Actual measurements of non-fatal mutation rates are on the order of 1 per 1000 alleles per generation, or 4 per each human birth (1.6 deleterious).
The above is totally false. To determine that you would require the sequencing of the entire genome of both parents and the child for a large sample of the human population. No such sequencing has been done. This is an example of evolutionists just totally making up evidence for their theory.
It's just intellectually dishonest to try to dismiss reams of evidence and study as being merely attempts to "obscure the truth".
I am not dismissing reams of evidence, on the contrary. It is evolutionists who are trying to dismiss reams of evidence, in this case the certified fact that mutations are harmful to an organism, the certified fact that genetics tells us that a new allele will not spread in a population. As I showed above the random walk is a fraudulent model for what happens in genetics. It is not intuition alone that tells us that a single mutation will not spread through a population, it is verified facts. It is like saying that a person can go into a casino with one dollar and end up owning the casino. Yes it can happen - ONCE. However evolution requires that it happen all the time. Unlike gambling casinos though, where the odds are usually not too bad, with mutations there is a big joker in the deck working against the gambling mutation.
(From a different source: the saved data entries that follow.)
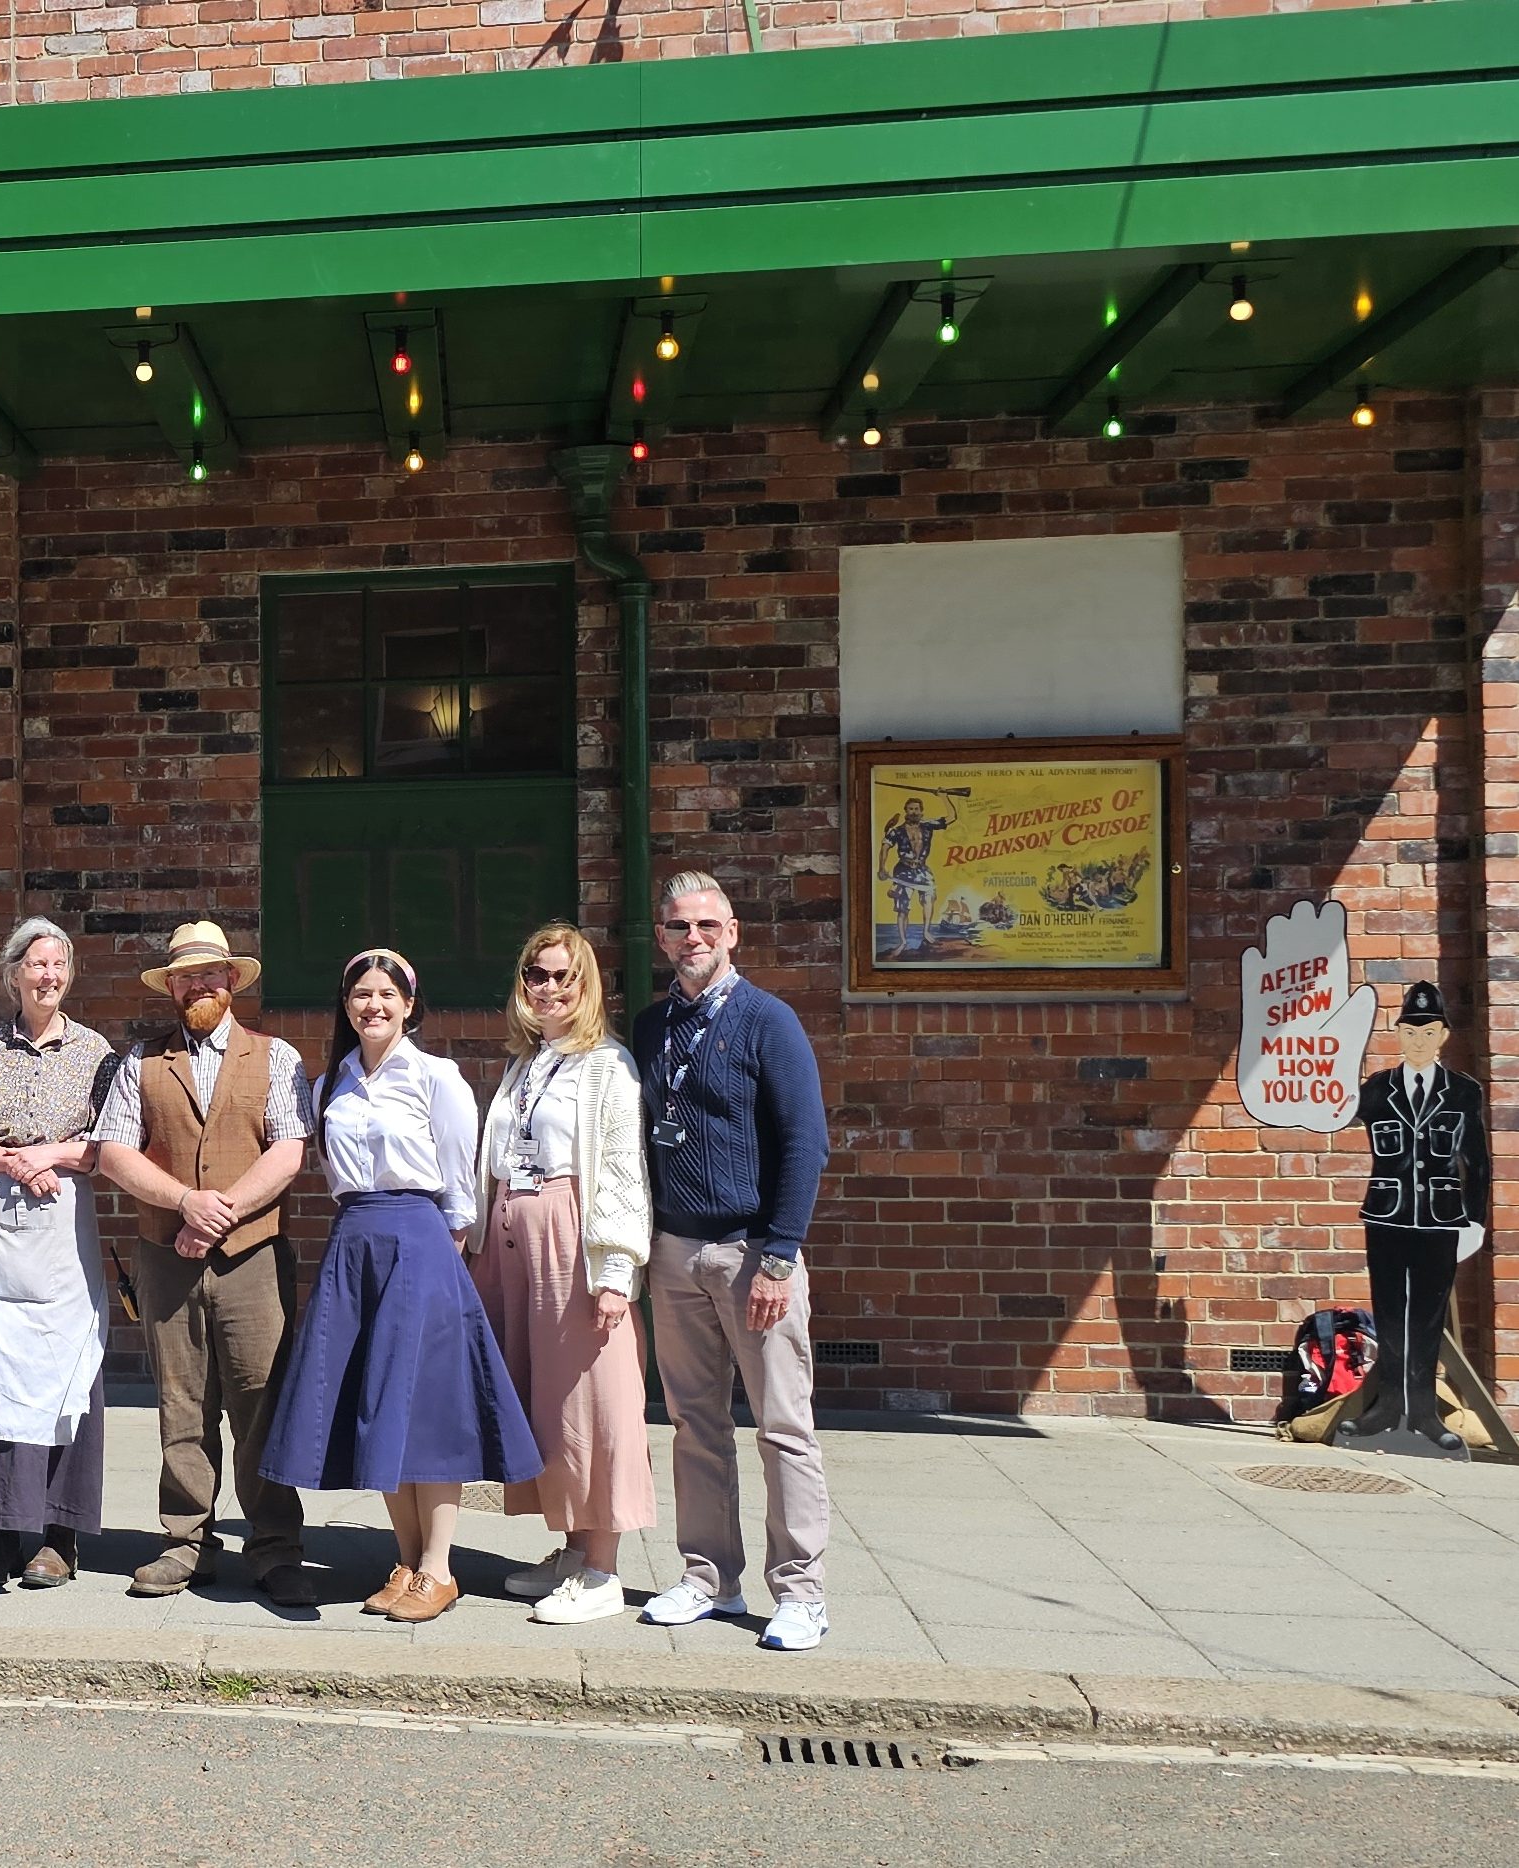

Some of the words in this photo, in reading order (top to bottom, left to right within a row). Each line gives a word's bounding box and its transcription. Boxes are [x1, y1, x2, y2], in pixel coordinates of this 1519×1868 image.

[911, 771, 935, 779] MOST
[939, 770, 983, 778] FABULOUS
[988, 769, 1013, 777] HERO
[1029, 768, 1044, 776] ALL
[1048, 768, 1097, 776] ADVENTURE
[984, 797, 1103, 837] ADVENTURES
[1112, 789, 1144, 811] OF
[943, 830, 1053, 867] ROBINSON
[1062, 814, 1151, 845] CRUSOE
[1020, 914, 1040, 926] DAN
[1045, 913, 1095, 926] O'HERLIHY
[1260, 956, 1329, 994] AFTER
[1281, 981, 1316, 998] THE
[1266, 987, 1333, 1027] SHOW
[1261, 1036, 1339, 1056] MIND
[1278, 1058, 1335, 1077] HOW
[1262, 1080, 1302, 1104] YOU
That joker is called bad mutations which are even by the phony statistics of evolutionists, overwhelmingly against even a neutral mutation (you gave the phony chance of 1.6 against a neutral mutation just above). So you are not working with even odds but with massively unfavorable odds against both a mutation surviving and a mutation ever spreading. This is why evolutionists who talk about neutral drift never mention that mutations will dissappear due to unfavorable mutations intervening and destroying the 'line' which carries them.
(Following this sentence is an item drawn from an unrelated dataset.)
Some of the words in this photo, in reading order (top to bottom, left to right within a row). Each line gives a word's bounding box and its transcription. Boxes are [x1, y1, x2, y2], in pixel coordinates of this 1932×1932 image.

That this occurs with mutations is not to be doubted. The facts of inbreeding show quite well that it is the non-inbreed individuals that are more successful. The facts of inbreeding show that severely inbred populations are subject to much more genetic disease than non-inbred populations. The facts of inbreeding show that inbred populations are less viable than non-inbred ones. These facts show the falsity of both neutral drift and Gould's punk-eek.